Fresque de Tiepolo (1696-1770) - La réception d'Henri III à la villa Contarini, 1745
Elu roi de Pologne en 1573, le futur Henri III décide de se rendre un an plus tard en France pour succéder à son frère Charles IX qui vient de mourir. En chemin, il séjourne à Venise pendant une douzaine de jours, où il reçoit un accueil grandiose.

Les époux André découvrent la fresque dans le vestibule de la villa Contarini et décident d'en faire l'acquisition pour leur hôtel parisien.

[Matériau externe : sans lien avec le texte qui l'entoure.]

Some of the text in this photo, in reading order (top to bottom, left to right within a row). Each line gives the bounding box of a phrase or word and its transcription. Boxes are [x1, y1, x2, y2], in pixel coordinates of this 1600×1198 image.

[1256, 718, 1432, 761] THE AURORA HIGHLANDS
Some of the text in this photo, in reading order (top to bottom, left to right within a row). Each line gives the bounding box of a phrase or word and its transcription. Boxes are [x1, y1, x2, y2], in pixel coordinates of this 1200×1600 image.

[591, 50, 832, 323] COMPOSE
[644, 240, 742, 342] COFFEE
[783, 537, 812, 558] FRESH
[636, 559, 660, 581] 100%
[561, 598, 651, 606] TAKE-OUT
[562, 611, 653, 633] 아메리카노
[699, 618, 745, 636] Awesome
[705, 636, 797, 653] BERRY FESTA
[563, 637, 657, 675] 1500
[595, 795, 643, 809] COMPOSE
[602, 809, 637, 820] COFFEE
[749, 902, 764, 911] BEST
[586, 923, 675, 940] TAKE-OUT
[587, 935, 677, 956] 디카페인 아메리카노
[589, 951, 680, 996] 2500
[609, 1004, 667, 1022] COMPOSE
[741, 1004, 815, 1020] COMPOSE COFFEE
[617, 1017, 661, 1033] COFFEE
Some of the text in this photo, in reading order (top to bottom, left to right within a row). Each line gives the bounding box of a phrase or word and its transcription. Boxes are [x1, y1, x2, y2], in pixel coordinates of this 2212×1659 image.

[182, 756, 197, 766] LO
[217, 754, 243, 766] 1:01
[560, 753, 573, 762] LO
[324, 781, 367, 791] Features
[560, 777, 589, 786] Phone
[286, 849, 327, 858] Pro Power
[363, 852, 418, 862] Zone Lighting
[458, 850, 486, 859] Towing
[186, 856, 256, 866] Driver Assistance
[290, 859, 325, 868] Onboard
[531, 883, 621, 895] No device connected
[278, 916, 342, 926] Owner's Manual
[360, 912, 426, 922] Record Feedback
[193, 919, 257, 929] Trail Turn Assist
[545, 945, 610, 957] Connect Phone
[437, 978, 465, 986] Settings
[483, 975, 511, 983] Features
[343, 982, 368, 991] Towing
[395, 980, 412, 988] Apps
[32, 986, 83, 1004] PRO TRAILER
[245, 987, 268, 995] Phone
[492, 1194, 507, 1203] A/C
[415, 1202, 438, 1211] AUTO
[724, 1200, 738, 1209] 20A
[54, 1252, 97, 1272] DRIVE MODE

Il faut huit mois de mai 1893 à janvier 1894, pour détacher la fresque, la transporter et la remonter dans la cage de l'escalier d'honneur (désormais l'escalier Tiepolo).
En 1998, les Assurances Generali acceptent de financer la restauration de la fresque murale qui restitue les qualités premières de la fresque, effet de trompe-l’œil, illusionnisme, ampleur de la mise en scène et délicatesse de la polychromie qui nous permette d'admirer désormais le plus bel ornement de l'hôtel.




Atelier

Giovanni di Ser Giovanni, dit Le Scheggia (1406-1486)
Plateau d'accouchée représentant la naissance de la Vierge (vers 1430)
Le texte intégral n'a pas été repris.